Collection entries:
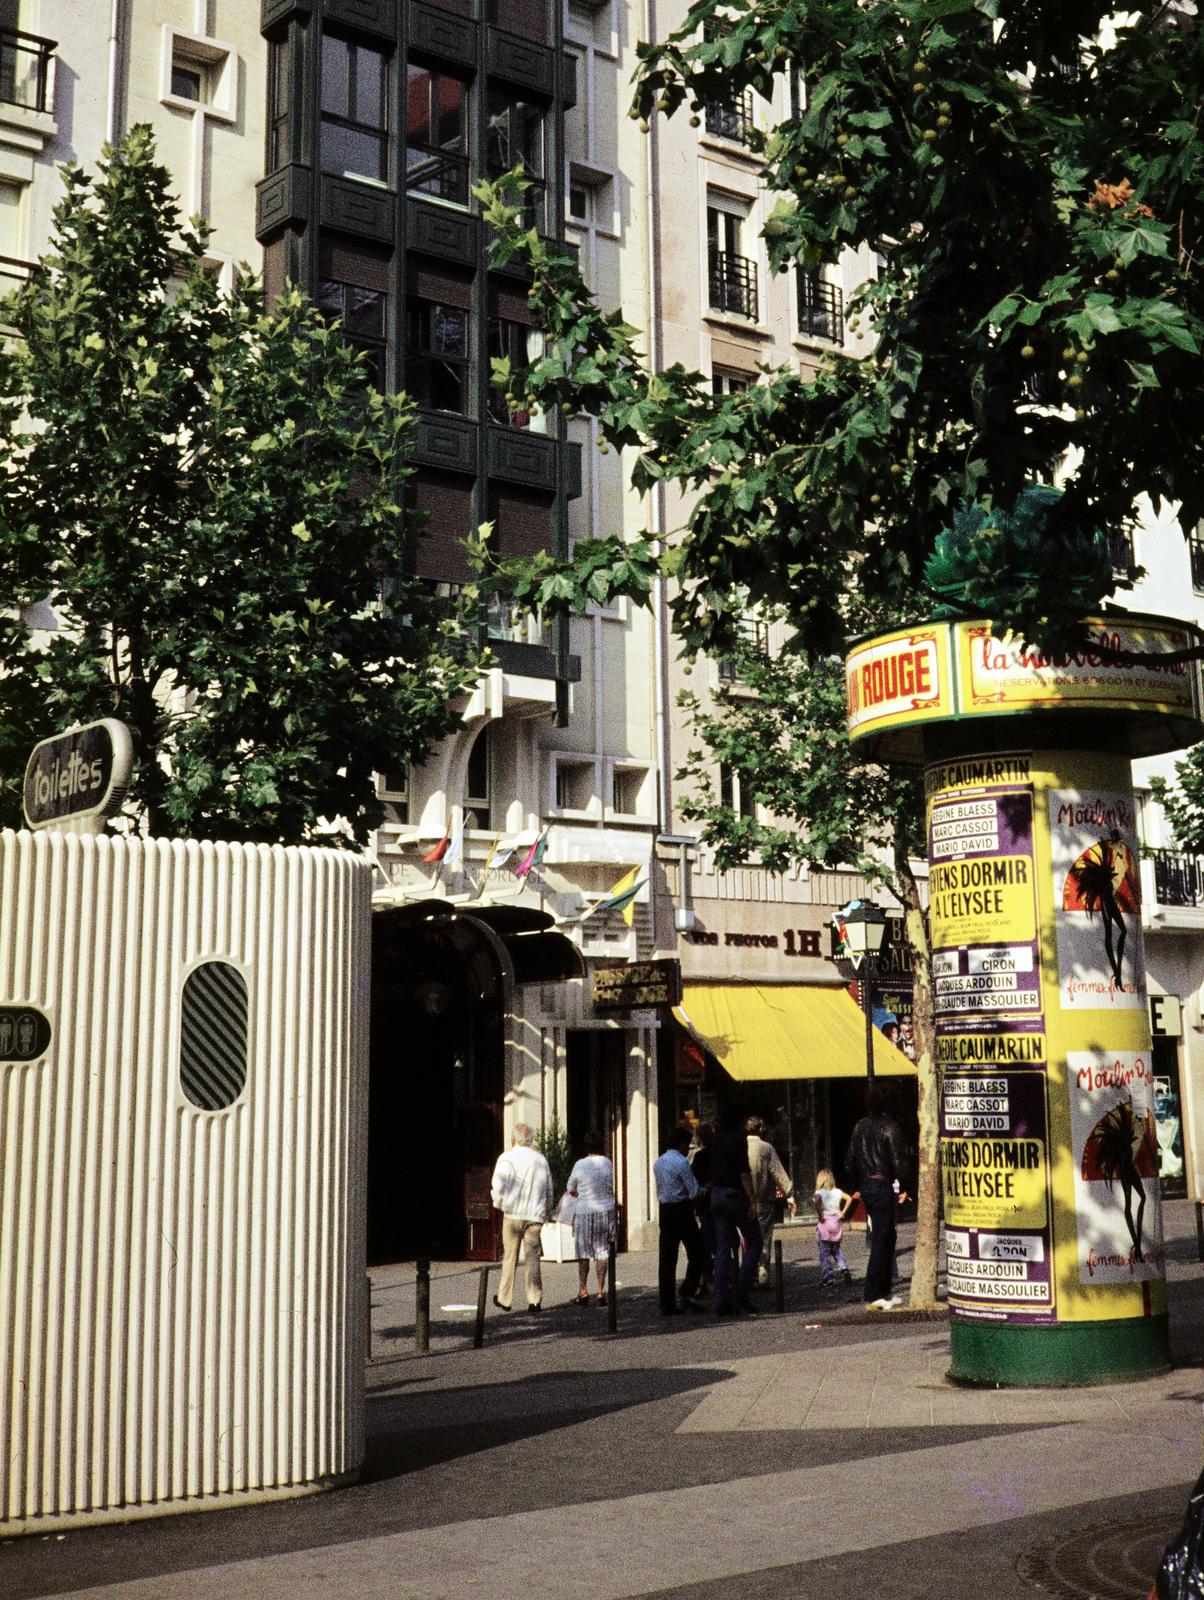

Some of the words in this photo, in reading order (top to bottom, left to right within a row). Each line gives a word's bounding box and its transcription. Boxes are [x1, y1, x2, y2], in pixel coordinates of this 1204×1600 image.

[980, 638, 1009, 671] la
[862, 649, 931, 708] ROUGE
[34, 750, 102, 806] toilettes
[948, 760, 1030, 788] CAUMARTIN
[957, 803, 994, 818] BLAESS
[934, 825, 953, 838] MARC
[955, 820, 995, 834] CASSOT
[935, 842, 958, 855] MARIO
[961, 838, 993, 852] DAVID
[961, 860, 1028, 888] DORMIR
[724, 932, 779, 949] PHOTOS
[783, 929, 822, 957] 1H
[981, 959, 1016, 972] CIRON
[966, 976, 1013, 989] ARDOUIN
[968, 993, 1037, 1008] MASSOULIER
[960, 1037, 1042, 1061] CAUMARTIN
[1076, 1059, 1134, 1092] Moulin
[944, 1081, 966, 1093] REGINE
[968, 1081, 1006, 1093] BLAESS
[945, 1100, 965, 1111] MARC
[966, 1099, 1006, 1111] CASSOT
[972, 1117, 1005, 1129] DAVID
[972, 1141, 1040, 1169] DORMIR
[976, 1264, 1023, 1277] ARDOUIN
[978, 1282, 1048, 1297] MASSOULIER
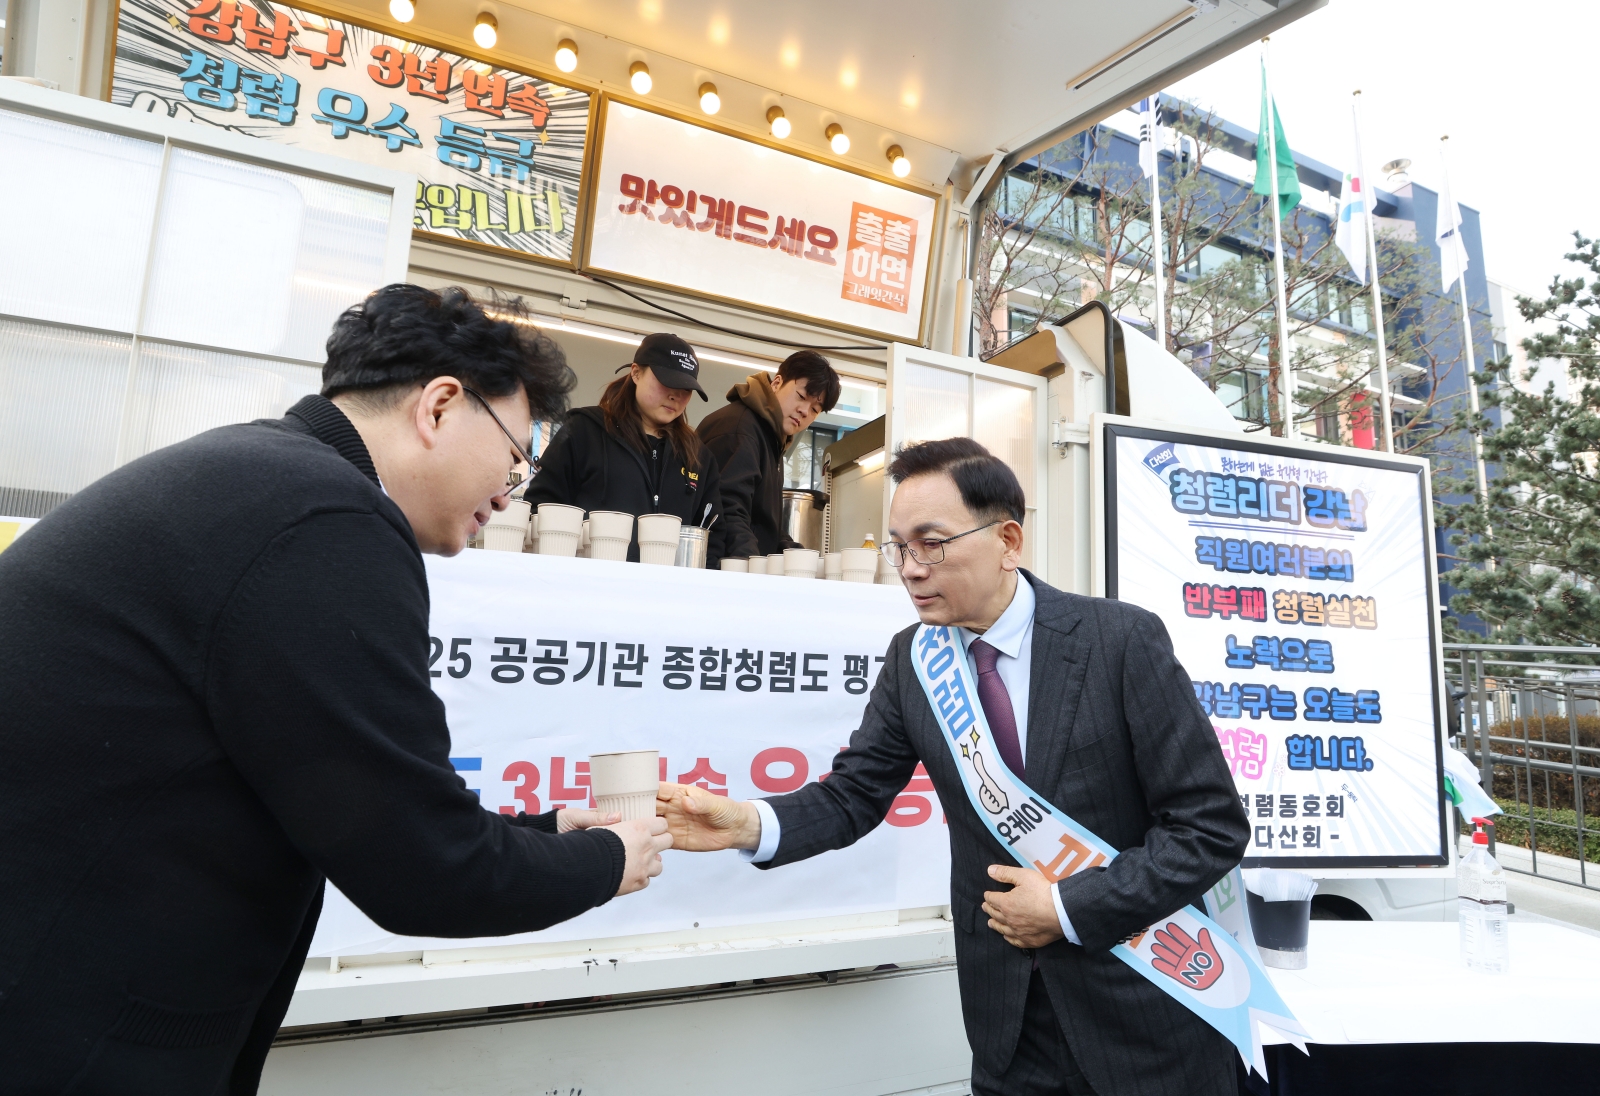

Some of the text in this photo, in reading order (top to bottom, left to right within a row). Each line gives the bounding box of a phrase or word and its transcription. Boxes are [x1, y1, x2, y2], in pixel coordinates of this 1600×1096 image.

[187, 0, 553, 128] 강남구 3년 연속
[177, 49, 537, 181] 청렴 우수 등급
[618, 173, 839, 267] 맛있게드세요
[855, 211, 911, 255] 출출
[851, 246, 908, 290] 하면
[1169, 468, 1368, 532] 청렴리더 강남
[1195, 535, 1355, 583] 직원여러분의
[1182, 581, 1378, 631] 반부패 청렴실천
[490, 637, 650, 688] 공공기관
[662, 645, 830, 693] 종합청렴도
[1225, 634, 1335, 673] 노력으로
[1303, 686, 1382, 724] 오늘도
[996, 796, 1053, 846] 오케이
[1254, 824, 1321, 849] 다산회
[1180, 951, 1213, 985] NO
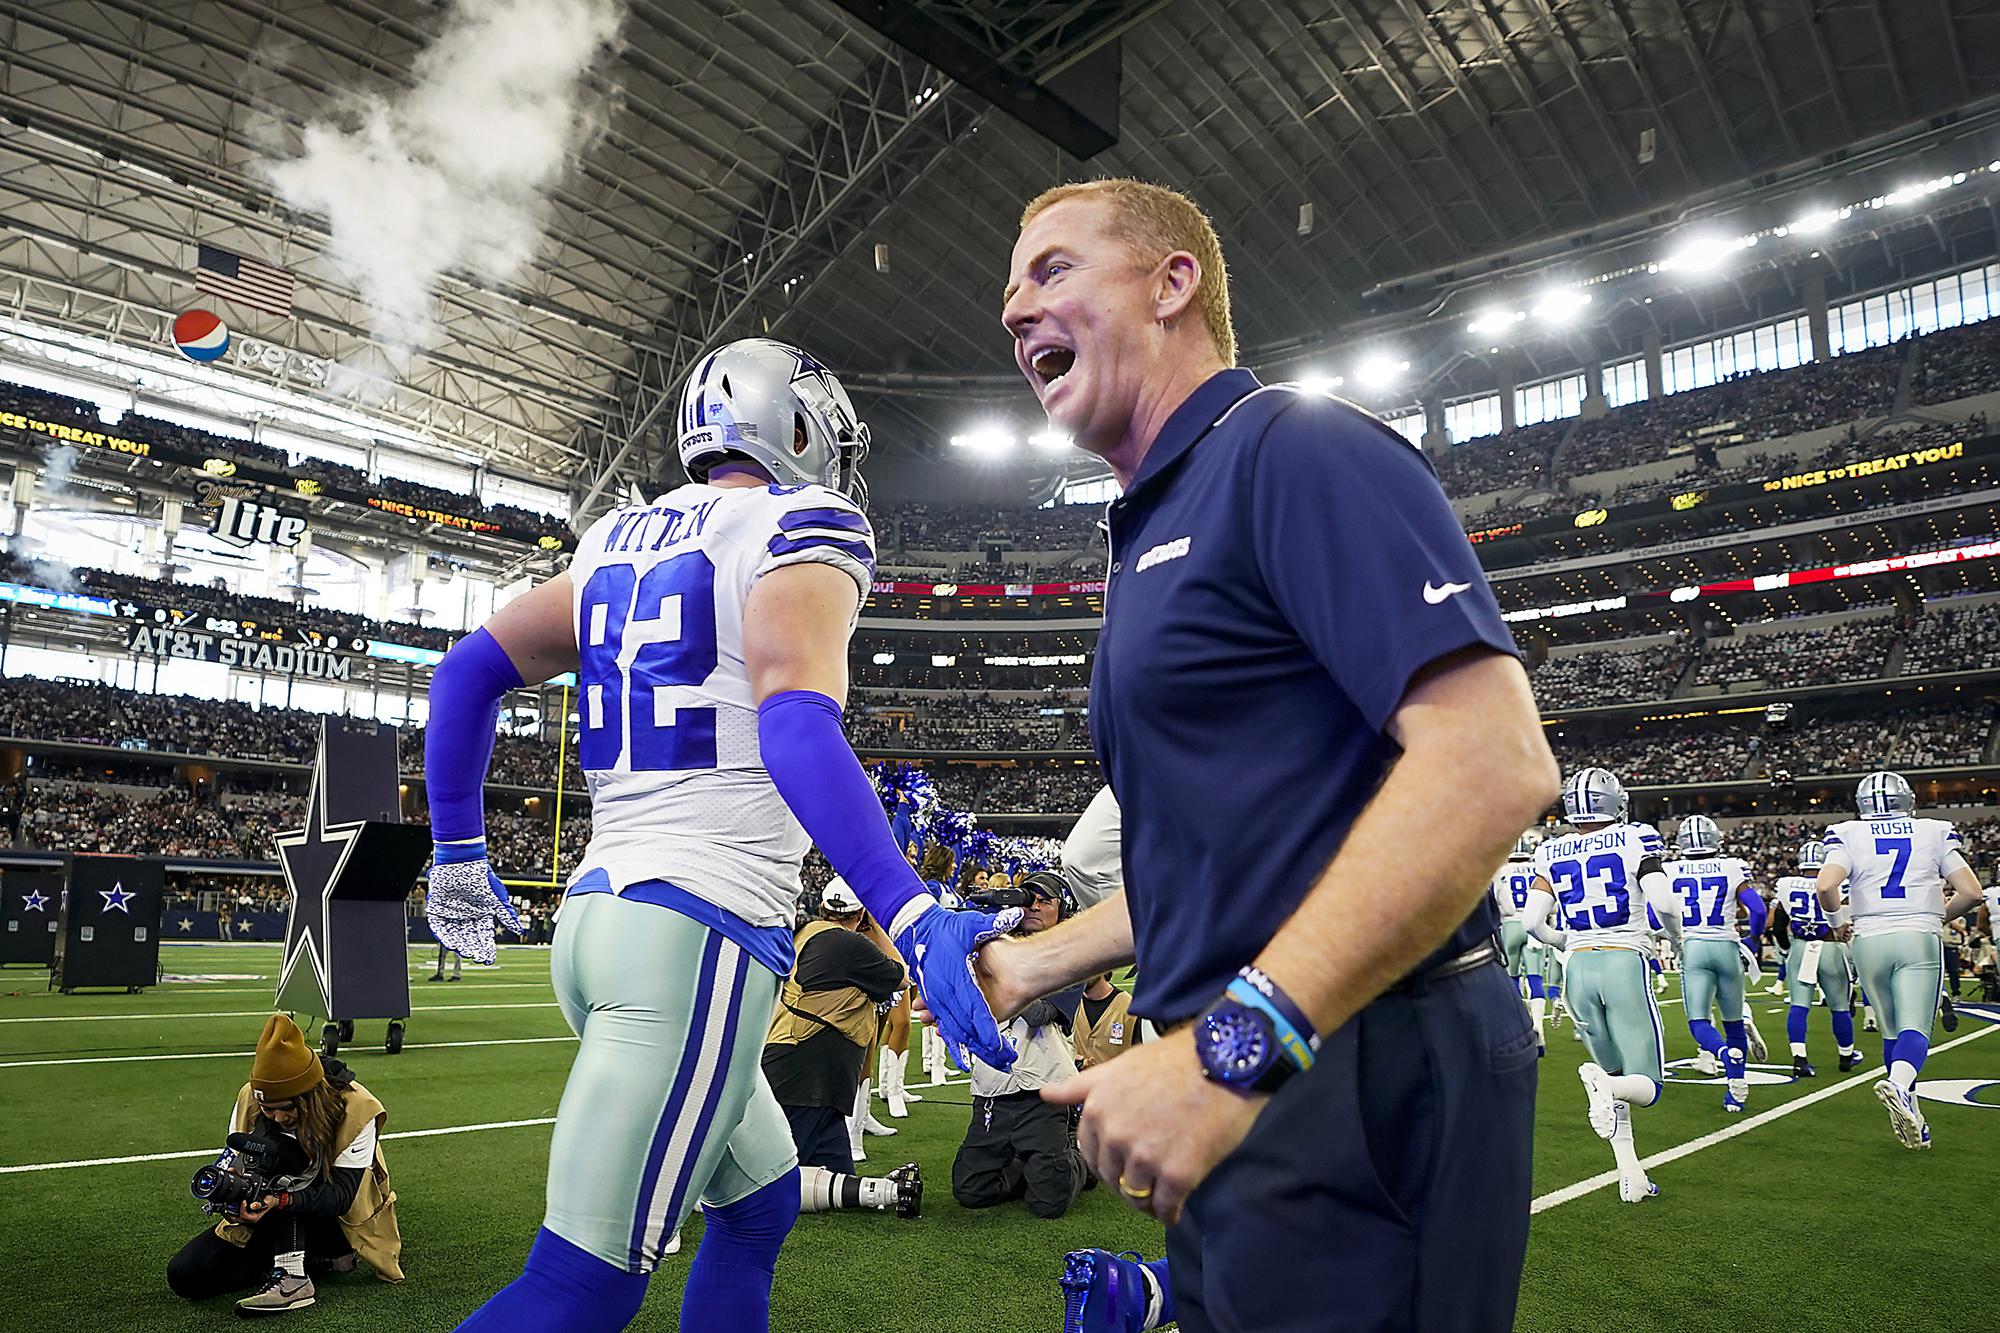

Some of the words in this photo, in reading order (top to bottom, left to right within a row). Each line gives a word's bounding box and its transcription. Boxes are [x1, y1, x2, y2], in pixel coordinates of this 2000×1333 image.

[0, 411, 28, 430] CE
[46, 421, 107, 447] TREAT
[107, 435, 151, 457] YOU!
[1782, 470, 1828, 491] NICE
[1844, 454, 1911, 478] TREAT
[1910, 442, 1964, 465] YOU!
[208, 494, 307, 548] Lite
[382, 499, 415, 518] NICE
[426, 509, 470, 530] TREAT
[604, 496, 723, 553] WITTEN
[871, 581, 894, 594] OU!
[129, 625, 214, 661] AT&T
[218, 637, 352, 683] STADIUM
[578, 548, 719, 772] 82
[1544, 831, 1627, 861] THOMPSON
[1869, 821, 1915, 836] RUSH
[1509, 875, 1536, 909] 8
[1548, 852, 1631, 932] 23
[1677, 862, 1722, 875] WILSON
[1874, 837, 1913, 899] 7
[1672, 875, 1729, 927] 37

# [PROBLEM TO WORK ON]
Your copy should match the entries exactly, minus the pictures.

# [OUTPUT BELOW]
Some of the words in this photo, in reading order (top to bottom, left to right within a row). Each line gives a word's bounding box and its transcription. Boxes are [x1, y1, x2, y2], in pixel coordinates of this 1204×1600 image.

[980, 638, 1009, 671] la
[862, 649, 931, 708] ROUGE
[34, 750, 102, 806] toilettes
[948, 760, 1030, 788] CAUMARTIN
[957, 803, 994, 818] BLAESS
[934, 825, 953, 838] MARC
[955, 820, 995, 834] CASSOT
[935, 842, 958, 855] MARIO
[961, 838, 993, 852] DAVID
[961, 860, 1028, 888] DORMIR
[724, 932, 779, 949] PHOTOS
[783, 929, 822, 957] 1H
[981, 959, 1016, 972] CIRON
[966, 976, 1013, 989] ARDOUIN
[968, 993, 1037, 1008] MASSOULIER
[960, 1037, 1042, 1061] CAUMARTIN
[1076, 1059, 1134, 1092] Moulin
[944, 1081, 966, 1093] REGINE
[968, 1081, 1006, 1093] BLAESS
[945, 1100, 965, 1111] MARC
[966, 1099, 1006, 1111] CASSOT
[972, 1117, 1005, 1129] DAVID
[972, 1141, 1040, 1169] DORMIR
[976, 1264, 1023, 1277] ARDOUIN
[978, 1282, 1048, 1297] MASSOULIER

Some of the text in this photo, in reading order (top to bottom, left to right within a row). Each line gives the bounding box of a phrase or word and its transcription. Boxes are [x1, y1, x2, y2], in pixel coordinates of this 1600×1096 image.

[187, 0, 553, 128] 강남구 3년 연속
[177, 49, 537, 181] 청렴 우수 등급
[618, 173, 839, 267] 맛있게드세요
[855, 211, 911, 255] 출출
[851, 246, 908, 290] 하면
[1169, 468, 1368, 532] 청렴리더 강남
[1195, 535, 1355, 583] 직원여러분의
[1182, 581, 1378, 631] 반부패 청렴실천
[490, 637, 650, 688] 공공기관
[662, 645, 830, 693] 종합청렴도
[1225, 634, 1335, 673] 노력으로
[1303, 686, 1382, 724] 오늘도
[996, 796, 1053, 846] 오케이
[1254, 824, 1321, 849] 다산회
[1180, 951, 1213, 985] NO

Some of the words in this photo, in reading order (top to bottom, left to right within a row). Each line gives a word's bounding box and its transcription. Boxes are [x1, y1, x2, y2], in pixel coordinates of this 2000×1333 image.

[0, 411, 28, 430] CE
[46, 421, 107, 447] TREAT
[107, 435, 151, 457] YOU!
[1782, 470, 1828, 491] NICE
[1844, 454, 1911, 478] TREAT
[1910, 442, 1964, 465] YOU!
[208, 494, 307, 548] Lite
[382, 499, 415, 518] NICE
[426, 509, 470, 530] TREAT
[604, 496, 723, 553] WITTEN
[871, 581, 894, 594] OU!
[129, 625, 214, 661] AT&T
[218, 637, 352, 683] STADIUM
[578, 548, 719, 772] 82
[1544, 831, 1627, 861] THOMPSON
[1869, 821, 1915, 836] RUSH
[1509, 875, 1536, 909] 8
[1548, 852, 1631, 932] 23
[1677, 862, 1722, 875] WILSON
[1874, 837, 1913, 899] 7
[1672, 875, 1729, 927] 37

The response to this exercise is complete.